*Assigned task:*
When you reach the entries below, transcribe each line word for word.

*Provided information:*
☆ ☆ ☆ ☆

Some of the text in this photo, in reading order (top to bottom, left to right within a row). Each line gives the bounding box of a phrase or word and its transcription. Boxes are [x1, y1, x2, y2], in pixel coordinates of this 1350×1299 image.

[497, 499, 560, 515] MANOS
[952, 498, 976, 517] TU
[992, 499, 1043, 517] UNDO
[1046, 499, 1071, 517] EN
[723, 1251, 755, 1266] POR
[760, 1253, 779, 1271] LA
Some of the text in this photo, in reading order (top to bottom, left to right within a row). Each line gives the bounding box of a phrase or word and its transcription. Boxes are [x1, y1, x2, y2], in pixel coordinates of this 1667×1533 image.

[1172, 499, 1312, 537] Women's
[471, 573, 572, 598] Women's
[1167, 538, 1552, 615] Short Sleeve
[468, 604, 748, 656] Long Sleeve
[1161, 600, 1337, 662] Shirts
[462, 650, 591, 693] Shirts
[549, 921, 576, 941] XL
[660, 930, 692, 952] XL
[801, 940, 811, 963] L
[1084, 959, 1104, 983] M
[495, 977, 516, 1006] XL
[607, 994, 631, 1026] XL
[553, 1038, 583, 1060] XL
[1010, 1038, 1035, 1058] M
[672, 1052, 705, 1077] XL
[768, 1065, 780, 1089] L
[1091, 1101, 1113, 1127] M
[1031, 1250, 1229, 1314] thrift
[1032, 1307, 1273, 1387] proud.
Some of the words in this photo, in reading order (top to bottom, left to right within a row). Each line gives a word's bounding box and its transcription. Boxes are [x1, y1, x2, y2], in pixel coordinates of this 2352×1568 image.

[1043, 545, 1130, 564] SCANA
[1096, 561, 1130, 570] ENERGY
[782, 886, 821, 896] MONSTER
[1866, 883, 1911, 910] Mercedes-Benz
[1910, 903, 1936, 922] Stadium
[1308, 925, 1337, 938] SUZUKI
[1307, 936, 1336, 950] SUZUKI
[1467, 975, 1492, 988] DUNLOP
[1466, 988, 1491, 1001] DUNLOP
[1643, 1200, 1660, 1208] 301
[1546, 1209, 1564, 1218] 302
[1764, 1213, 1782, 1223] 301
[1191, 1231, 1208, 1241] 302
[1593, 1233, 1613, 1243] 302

☆ ☆ ☆ ☆

*Your response:*
Some of the text in this photo, in reading order (top to bottom, left to right within a row). Each line gives the bounding box of a phrase or word and its transcription. Boxes are [x1, y1, x2, y2], in pixel coordinates of this 1350×1299 image.

[497, 499, 560, 515] MANOS
[952, 498, 976, 517] TU
[992, 499, 1043, 517] UNDO
[1046, 499, 1071, 517] EN
[723, 1251, 755, 1266] POR
[760, 1253, 779, 1271] LA
Some of the text in this photo, in reading order (top to bottom, left to right within a row). Each line gives the bounding box of a phrase or word and its transcription. Boxes are [x1, y1, x2, y2], in pixel coordinates of this 1667×1533 image.

[1172, 499, 1312, 537] Women's
[471, 573, 572, 598] Women's
[1167, 538, 1552, 615] Short Sleeve
[468, 604, 748, 656] Long Sleeve
[1161, 600, 1337, 662] Shirts
[462, 650, 591, 693] Shirts
[549, 921, 576, 941] XL
[660, 930, 692, 952] XL
[801, 940, 811, 963] L
[1084, 959, 1104, 983] M
[495, 977, 516, 1006] XL
[607, 994, 631, 1026] XL
[553, 1038, 583, 1060] XL
[1010, 1038, 1035, 1058] M
[672, 1052, 705, 1077] XL
[768, 1065, 780, 1089] L
[1091, 1101, 1113, 1127] M
[1031, 1250, 1229, 1314] thrift
[1032, 1307, 1273, 1387] proud.
Some of the words in this photo, in reading order (top to bottom, left to right within a row). Each line gives a word's bounding box and its transcription. Boxes are [x1, y1, x2, y2], in pixel coordinates of this 2352×1568 image.

[1043, 545, 1130, 564] SCANA
[1096, 561, 1130, 570] ENERGY
[782, 886, 821, 896] MONSTER
[1866, 883, 1911, 910] Mercedes-Benz
[1910, 903, 1936, 922] Stadium
[1308, 925, 1337, 938] SUZUKI
[1307, 936, 1336, 950] SUZUKI
[1467, 975, 1492, 988] DUNLOP
[1466, 988, 1491, 1001] DUNLOP
[1643, 1200, 1660, 1208] 301
[1546, 1209, 1564, 1218] 302
[1764, 1213, 1782, 1223] 301
[1191, 1231, 1208, 1241] 302
[1593, 1233, 1613, 1243] 302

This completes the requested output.